1978年の今日、サザンオールスターズが『勝手にシンドバッド』でメジャーデビューしたことから、6月25日はサザンの日なんだそうな(前にも書いた記憶があるけれど、勝手に行こう!)
今日がやがてサザンの日に制定されることなど、当時はバンドメンバーもファンも知る由がなかったでしょう。でも、サザンオールスターズの登場を目の当たりにした15歳の僕は、あるいは若い世代全般は、とんでもない人たちが出てきたと歓喜したのは事実です。その頃の日本の音楽シーンと言えば、戦後から続く歌謡曲が中心。わかりやすい歌詞と歌いやすいメロディは、それはそれで悪くなかったし、今でも好きな歌はたくさんあるけれど、そんな中で突然「今何時~」って、あまりに意味不明で、だから強引に引き寄せられて、あれほどのインパクトを世間に与えたバンドはいまだかつてないのかもしれません。ある意味では歴史的事件なんだろうなあ。

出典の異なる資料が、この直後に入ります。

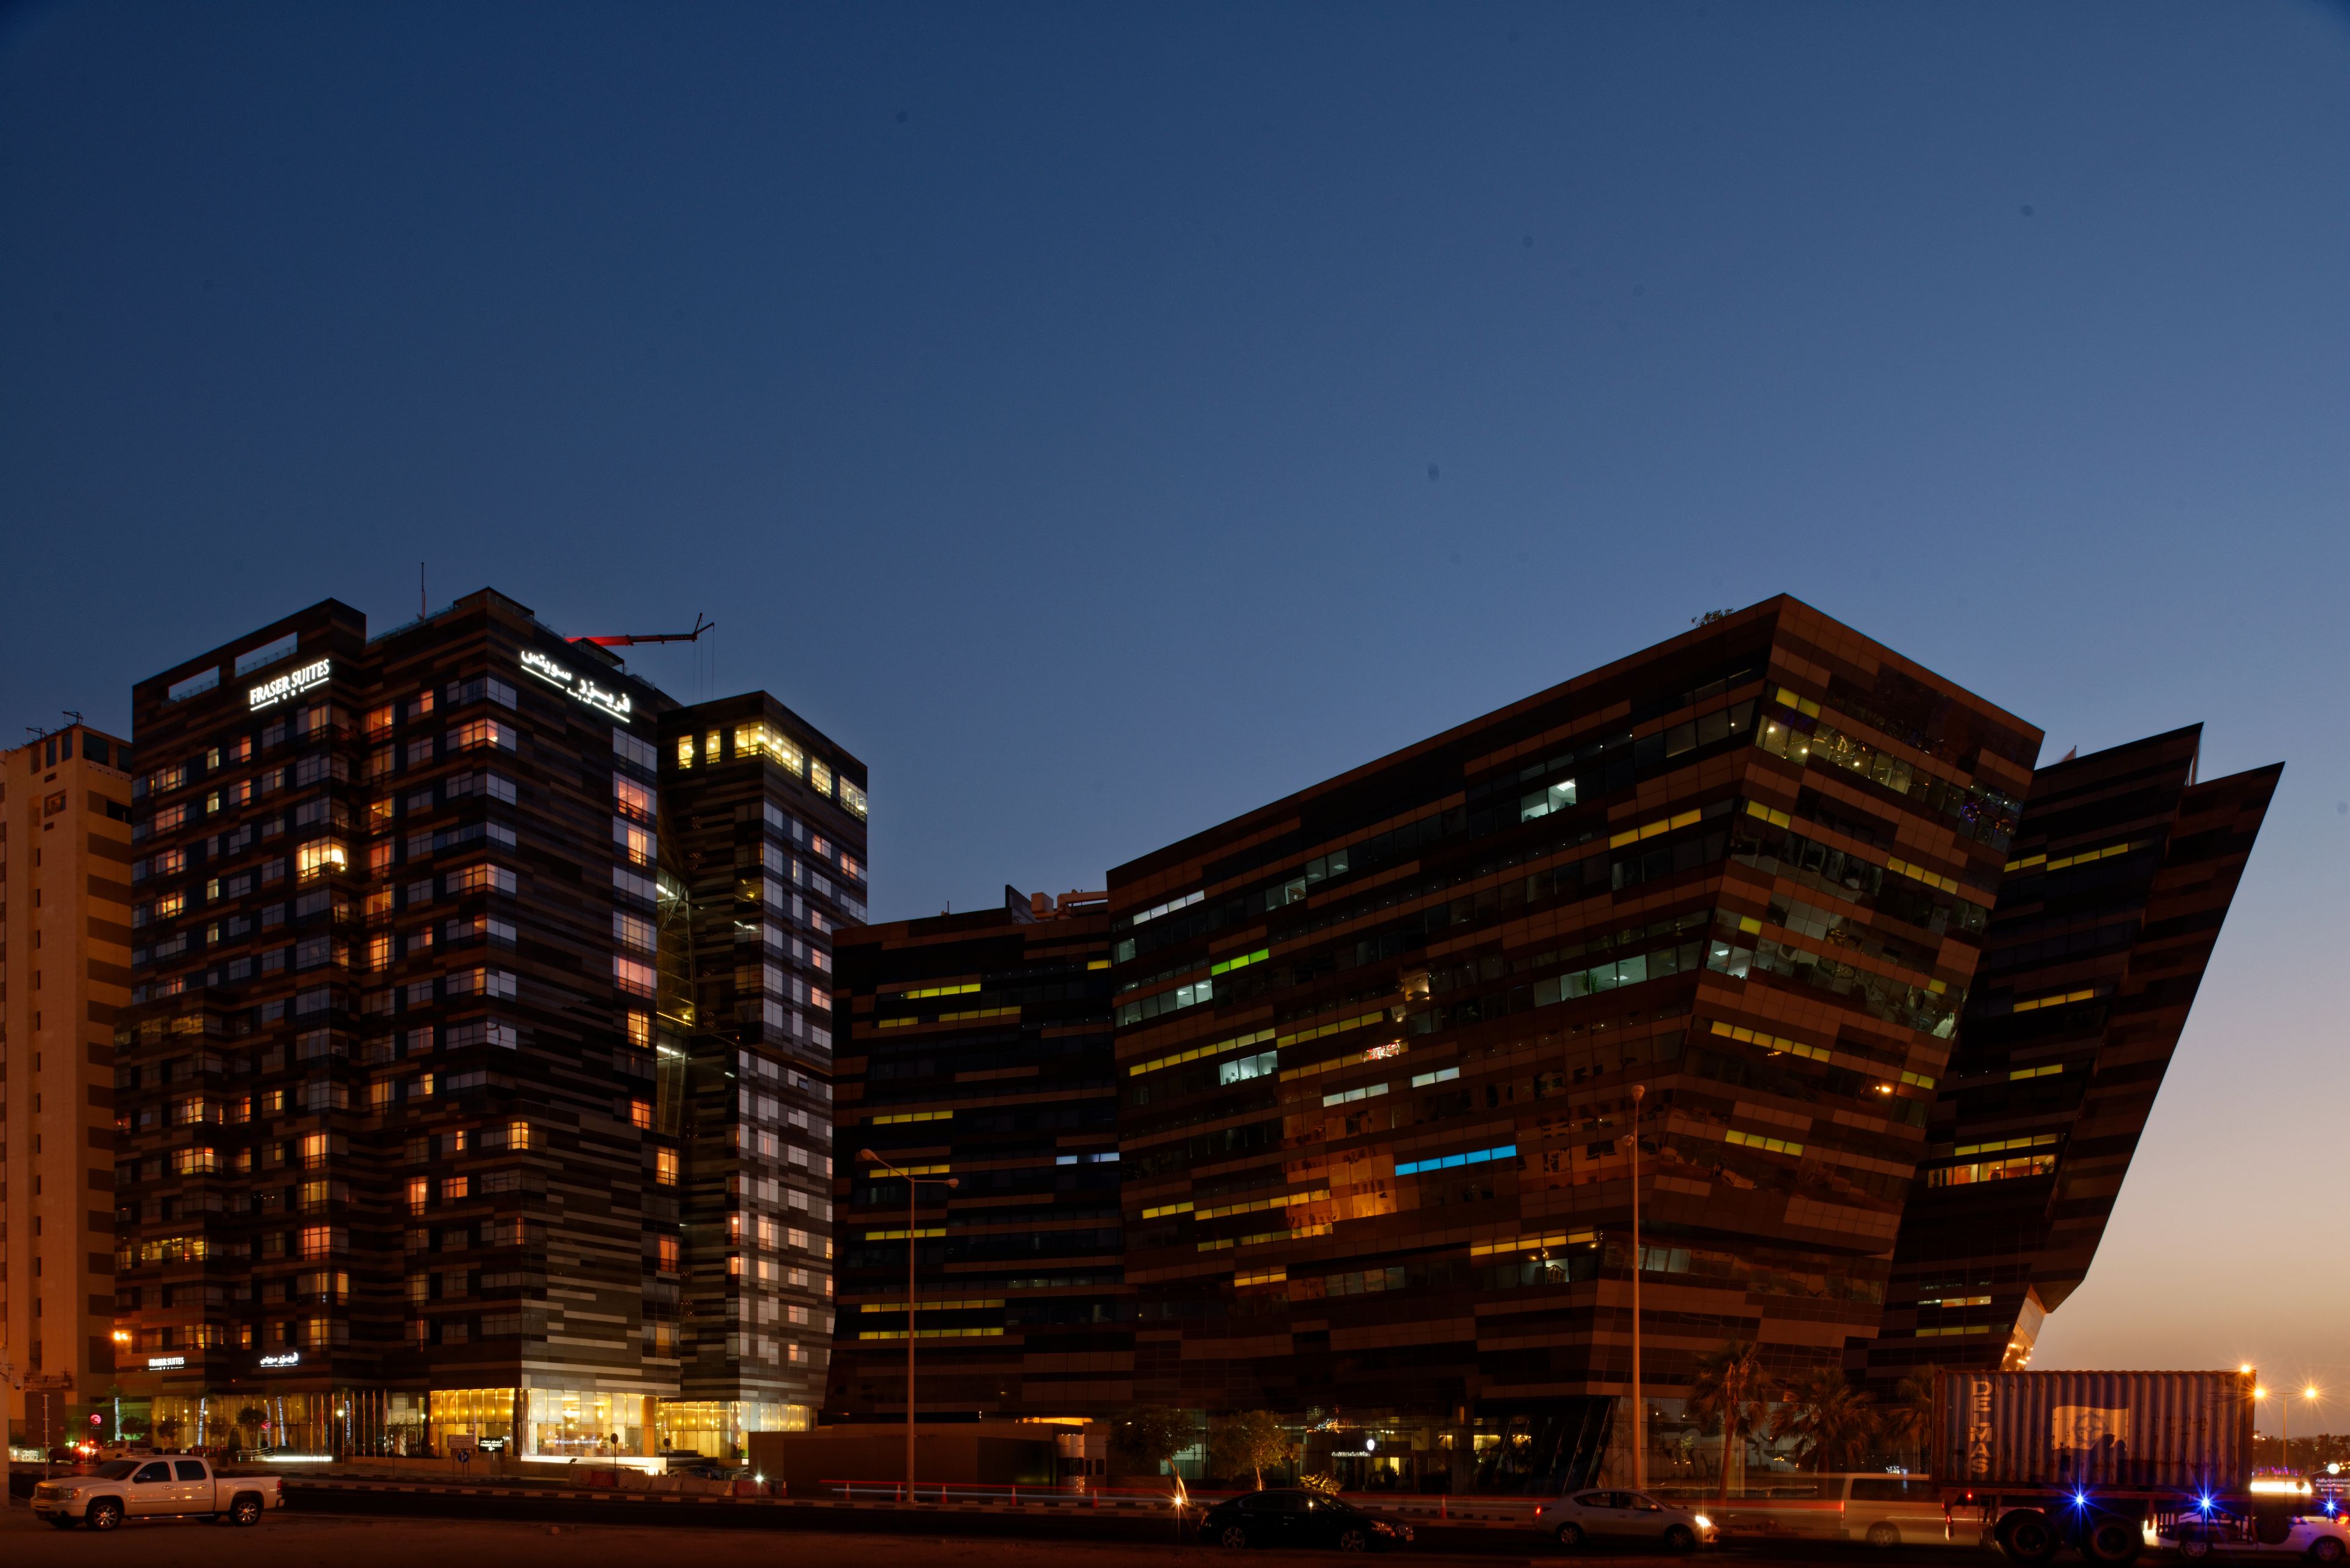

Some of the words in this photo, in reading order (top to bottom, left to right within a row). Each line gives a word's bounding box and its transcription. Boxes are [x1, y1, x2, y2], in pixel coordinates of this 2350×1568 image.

[249, 676, 291, 705] FRASER
[291, 658, 330, 688] SUITES
[521, 651, 572, 681] سويتس
[274, 686, 305, 703] DOHA
[578, 679, 630, 712] فريزر
[149, 1358, 168, 1367] FRASER
[167, 1357, 185, 1365] SUITES
[1969, 1380, 1993, 1474] DELMAS

そんなふうに言えるのは、衝撃的なデビュー以降から現在に至っても、桑田佳祐というバンドの中心メンバーが人の心を打つ作品をつくり続けているからに他ならないと思います。懐メロにならないのはとても重要なんですよね。もちろん、この40年以上の間に発表された楽曲には時系列があり、たとえば3枚目の『いとしのエリー』をリアルタイムで聴いた世代は、この歌が流れると若かった頃を懐かしんだりするでしょう。けれど、バンドが今も新たな活動を行い、新曲の傍らに『いとしのエリー』がいてくれることで、誰にとっても終わった歌になっていない。あるいはサザンオールスターズのデビューを知らない世代とともに歌うことで、新たな存在価値が生まれているのかもしれない。

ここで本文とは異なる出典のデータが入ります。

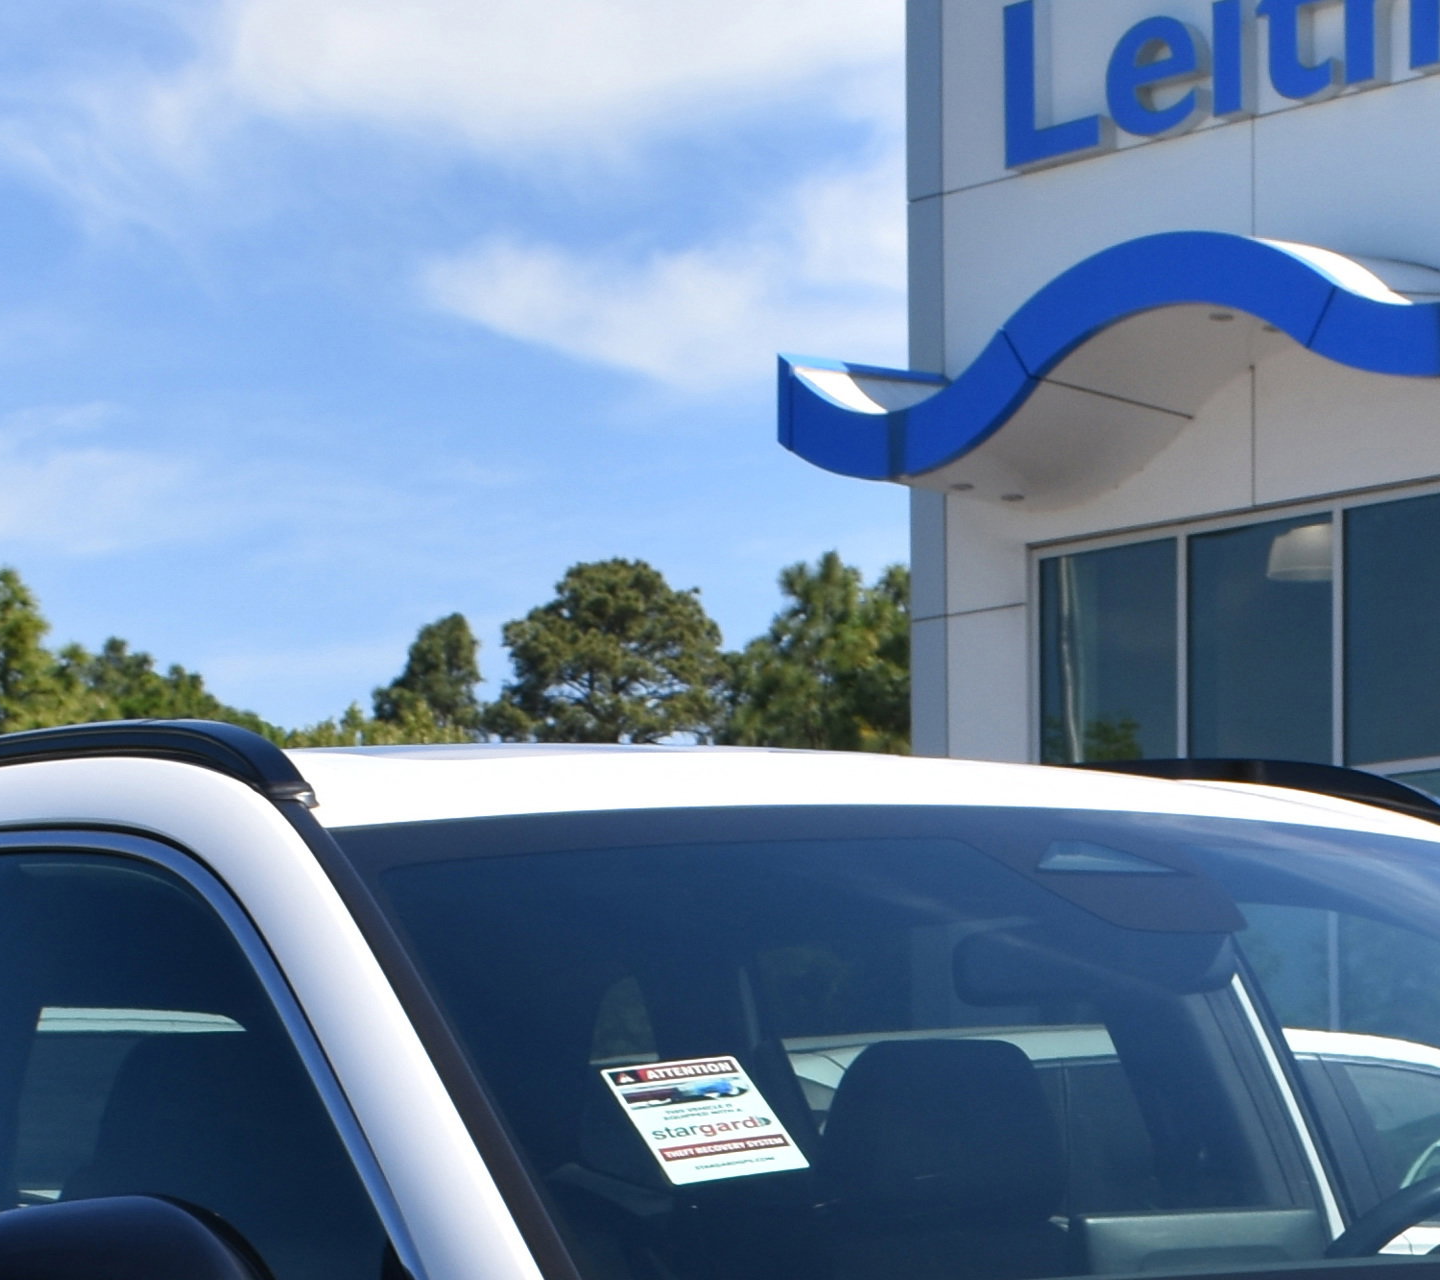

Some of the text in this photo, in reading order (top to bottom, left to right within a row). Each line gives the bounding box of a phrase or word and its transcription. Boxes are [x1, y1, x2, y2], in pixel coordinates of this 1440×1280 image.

何が言いたいかというと、継続の偉大さです。違うな。偉大を継続する偉大さだな。真似できるところなんてたぶんないけれど、何かを学びたいと思います。
サザンオールスターズのサポートギタリストを務める斎藤 誠さんに聞いたことがあります。スタジアム公演で何万人もの前に立つのってどんな気分ですかと。
「そりゃ毎回緊張しますよ。誰もが知っている『いとしのエリー』のイントロを間違うことなんて絶対にできないから」
確かに、それはそうだ。誠さんも偉大のそばで、偉大なことをやっているんですよね。

道端でこんな写真を撮っていると、たぶん背後の人たちは見て見ぬふりをしてくれるはず。